◆ Work to be completed ◆
Please transcribe the data below exactly. Leave the pictures out.

◆ Data supplied ◆
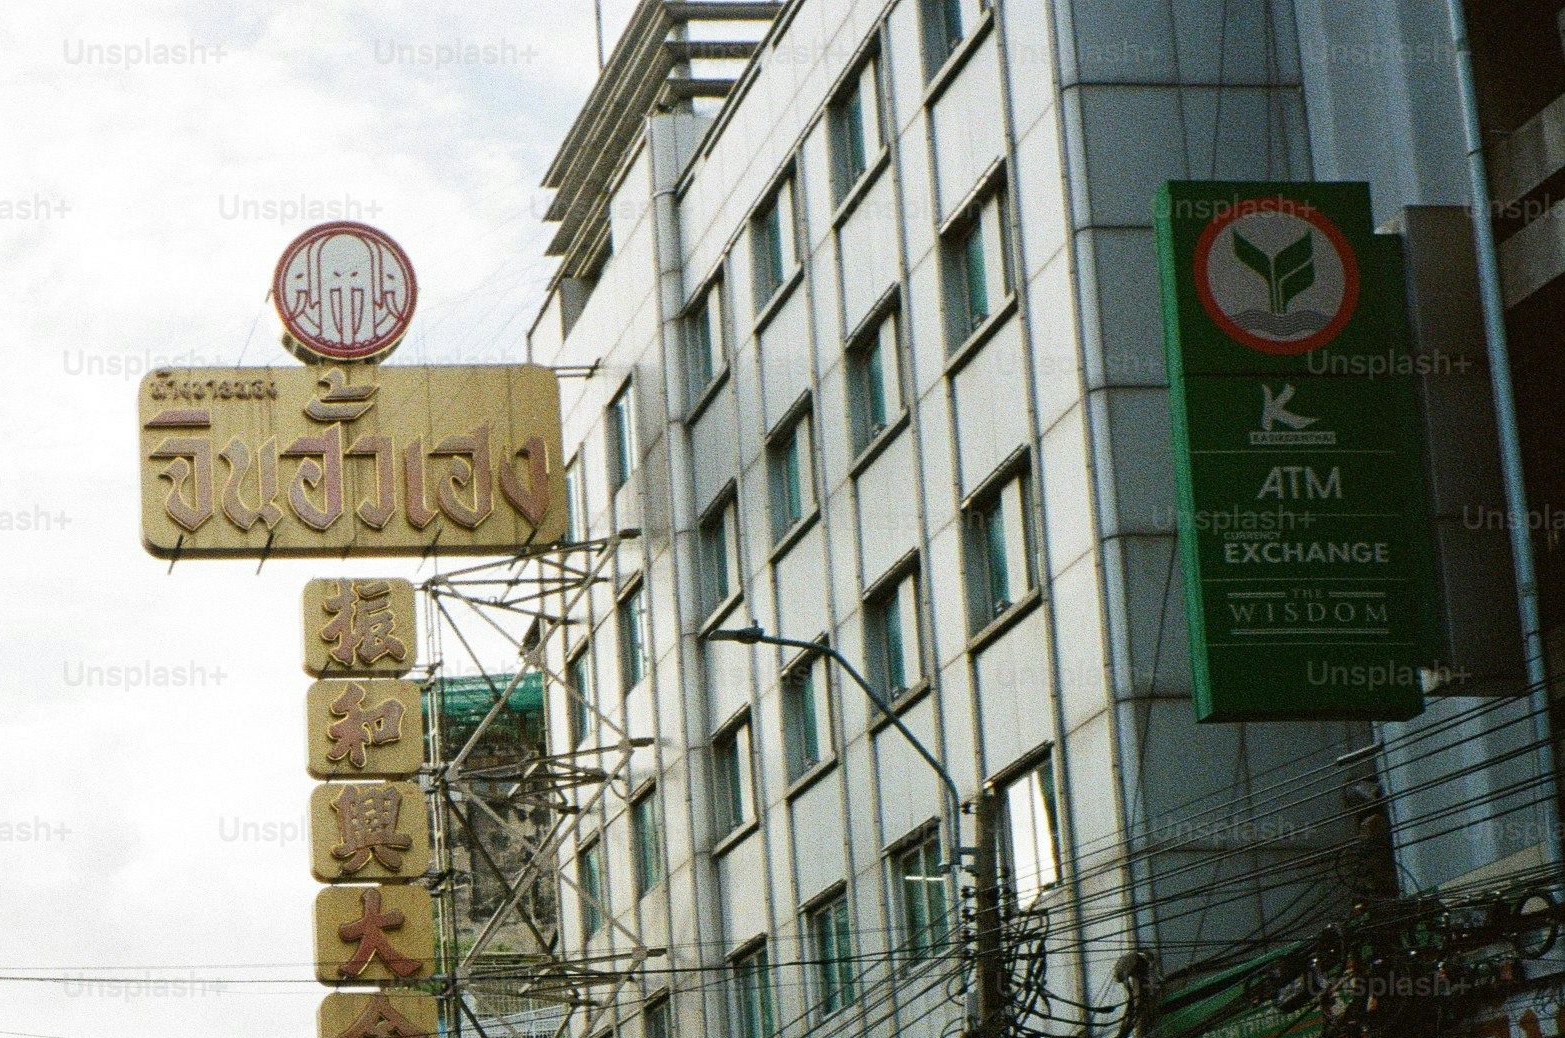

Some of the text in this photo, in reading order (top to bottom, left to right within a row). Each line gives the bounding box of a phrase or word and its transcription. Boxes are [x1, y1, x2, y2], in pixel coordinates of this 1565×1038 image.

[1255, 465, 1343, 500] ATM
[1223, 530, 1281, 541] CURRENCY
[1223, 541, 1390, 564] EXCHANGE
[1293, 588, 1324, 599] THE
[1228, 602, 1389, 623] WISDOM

◆ Response to the exercise ◆
Some of the text in this photo, in reading order (top to bottom, left to right within a row). Each line gives the bounding box of a phrase or word and its transcription. Boxes are [x1, y1, x2, y2], in pixel coordinates of this 1565×1038 image.

[1255, 465, 1343, 500] ATM
[1223, 530, 1281, 541] CURRENCY
[1223, 541, 1390, 564] EXCHANGE
[1293, 588, 1324, 599] THE
[1228, 602, 1389, 623] WISDOM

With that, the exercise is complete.